Position-Guided Prompt Learning for Anomaly Detection in Chest X-Rays

Zhichao Sun,Yuliang Gu,Yepeng Liu,Zerui Zhang,Zhou Zhao,Yongchao Xu
2024-06-20
Abstract:Anomaly detection in chest X-rays is a critical task. Most methods mainly model the distribution of normal images, and then regard significant deviation from normal distribution as anomaly. Recently, CLIP-based methods, pre-trained on a large number of medical images, have shown impressive performance on zero/few-shot downstream tasks. In this paper, we aim to explore the potential of CLIP-based methods for anomaly detection in chest X-rays. Considering the discrepancy between the CLIP pre-training data and the task-specific data, we propose a position-guided prompt learning method. Specifically, inspired by the fact that experts diagnose chest X-rays by carefully examining distinct lung regions, we propose learnable position-guided text and image prompts to adapt the task data to the frozen pre-trained CLIP-based model. To enhance the model's discriminative capability, we propose a novel structure-preserving anomaly synthesis method within chest x-rays during the training process. Extensive experiments on three datasets demonstrate that our proposed method outperforms some state-of-the-art methods. The code of our implementation is available at <a class="link-external link-https" href="https://github.com/sunzc-sunny/PPAD" rel="external noopener nofollow">this https URL</a>.
Computer Vision and Pattern Recognition
What problem does this paper attempt to address?

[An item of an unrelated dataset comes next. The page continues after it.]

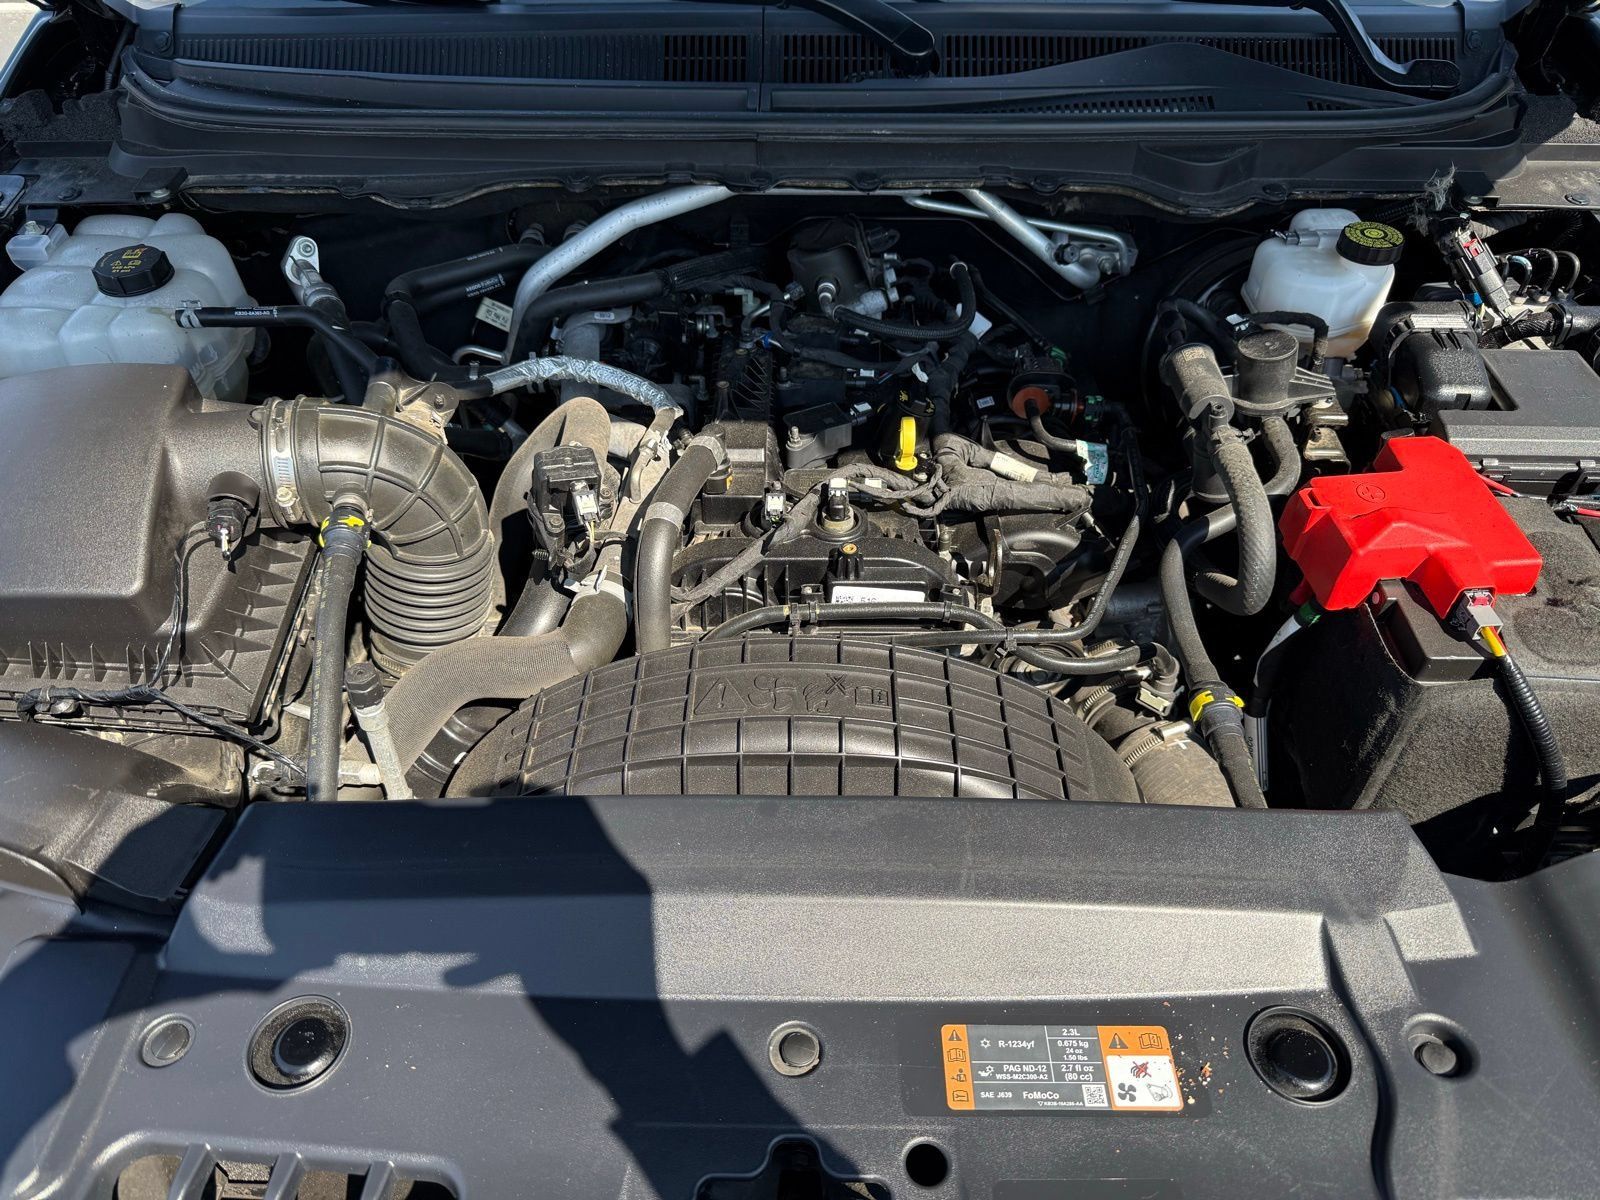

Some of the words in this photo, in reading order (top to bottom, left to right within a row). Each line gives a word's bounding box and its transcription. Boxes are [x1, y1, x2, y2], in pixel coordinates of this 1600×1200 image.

The problem that this paper attempts to solve is the anomaly detection in chest X - ray images. Specifically, the authors aim to explore the potential of CLIP (Contrastive Language - Image Pre - training) - based methods in chest X - ray anomaly detection and propose a new method to address the following challenges: 1. **Differences between pre - training data and task - specific data**: The CLIP model is pre - trained on a large number of general image - text pairs, while chest X - ray images have specific domain characteristics. Therefore, directly applying CLIP to chest X - ray images may lead to a performance degradation. 2. **Improving the discriminative ability of the model**: Traditional anomaly detection methods mainly identify anomalies by modeling the distribution of normal images, but this method may not fully capture the subtle differences of abnormal samples. To solve these problems, the authors propose the **Position - Guided Prompt Learning method (PPAD)**. The main innovations of this method include: - **Introducing position - guided text and image prompts**: Considering that experts will carefully examine different lung areas when diagnosing chest X - rays, the authors propose learnable position - guided text and image prompts to adapt to the pre - trained CLIP model. - **Structure - Preserving Anomaly Synthesis method (SAS)**: To enhance the discriminative ability of the model, the authors introduce a new anomaly synthesis method during the training process, generating more realistic abnormal samples through Gamma correction while maintaining the integrity of the lung structure. Through these improvements, PPAD can achieve better performance than existing methods on three publicly available chest X - ray datasets, especially with significant improvements in accuracy (ACC), area under the curve (AUC), and F1 - score. ### Formula Summary - **Text input embedding**: \[ E_{\text{text}} = E_{\text{pos}}^t \oplus P_t \oplus E_{\text{cls}}^t \] where $\oplus$ represents embedding concatenation. - **Image input embedding**: \[ E_{\text{image}} = E_i \odot M+ P_i \odot (1 - M) \] where $\odot$ represents element - wise multiplication. - **Gamma correction formula**: \[ \gamma(x)=1+\frac{D(x)}{\max_{x' \in M_a} D(x')}\cdot w \] where $w > - 1$ ensures that $\gamma > 0$. Through these methods, PPAD not only improves the accuracy of anomaly detection, but also enhances the robustness and generalization ability of the model.